TAK pernah ada lagi peta, yang bisa membaca tubuh kota.
SEMUA jalan berubah belokan dan berganti nama setiap kali
ada sekelompok orang bersenjata melintas dan menandai
tiap simpang dengan tombak berhulu tulang dan tengkorak.
TAK ada rambu-rambu, hanya plang kosong berbekas peluru
dan spanduk panjang yang tiap hari seperti dicelup ke darah,
dengan itulah kota ini mendapatkan namanya: Kota Darah.
SAUDAGAR di pasar berbohong soal harga dan asal daging, sebab
pembelanja pun lihai menyulap angka nol di lembaran uang.
DULU pernah ada perang. 24 jam ada yang menabuh gendang.
KINI penduduk belajar berhenti, memasang lagi hati sendiri.

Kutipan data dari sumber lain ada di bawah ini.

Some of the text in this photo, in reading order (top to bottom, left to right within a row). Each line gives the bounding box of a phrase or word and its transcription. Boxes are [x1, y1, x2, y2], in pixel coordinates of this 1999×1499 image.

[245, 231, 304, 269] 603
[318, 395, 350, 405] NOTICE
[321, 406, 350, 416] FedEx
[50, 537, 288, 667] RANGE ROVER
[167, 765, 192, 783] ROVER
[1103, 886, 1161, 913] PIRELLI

SEMUA kepala telah diserahkan ke Komite Peredam Sengketa
lalu disimpan di Museum Negara, bersama patung para presiden
yang tak lagi diingat namanya. Nanti semua akan dikembalikan
kalau warga kota tahu bagaimana memantaskan otak, dan
faham apa rasanya jadi manusia yang kehilangan muka.

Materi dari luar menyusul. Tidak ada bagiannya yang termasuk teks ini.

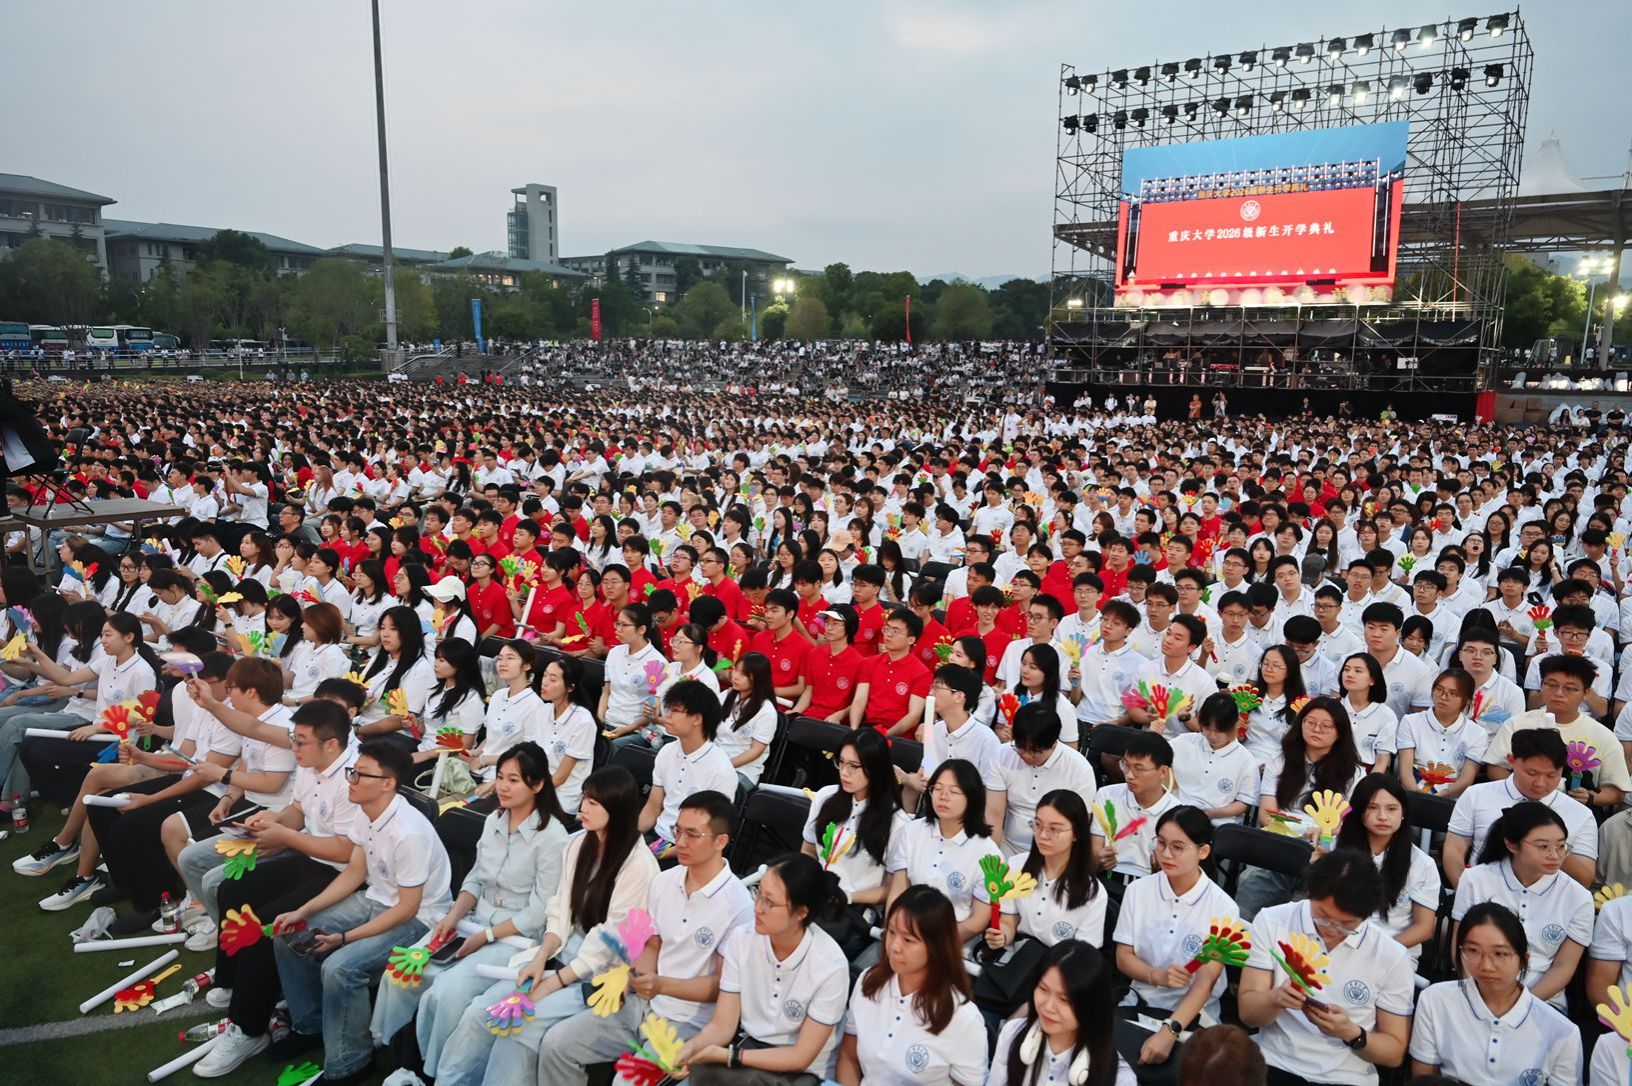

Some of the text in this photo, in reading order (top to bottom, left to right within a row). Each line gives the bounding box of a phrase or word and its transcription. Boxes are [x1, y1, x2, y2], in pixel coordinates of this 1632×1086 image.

[1168, 222, 1334, 242] 重庆大学2026级新生开学典礼

KINI penduduk membiasakan diri berpeluk dan berjabat erat
saling menyentuhkan luka dan menyimak darah berbicara apa
dengan bahasa rasa, saling mengabarkan sakit yang sama.
TAPI, eh masih saja ada sekelompok orang berkepala dua
memberi tanda dengan tombak berhulu tulang dan tengkorak.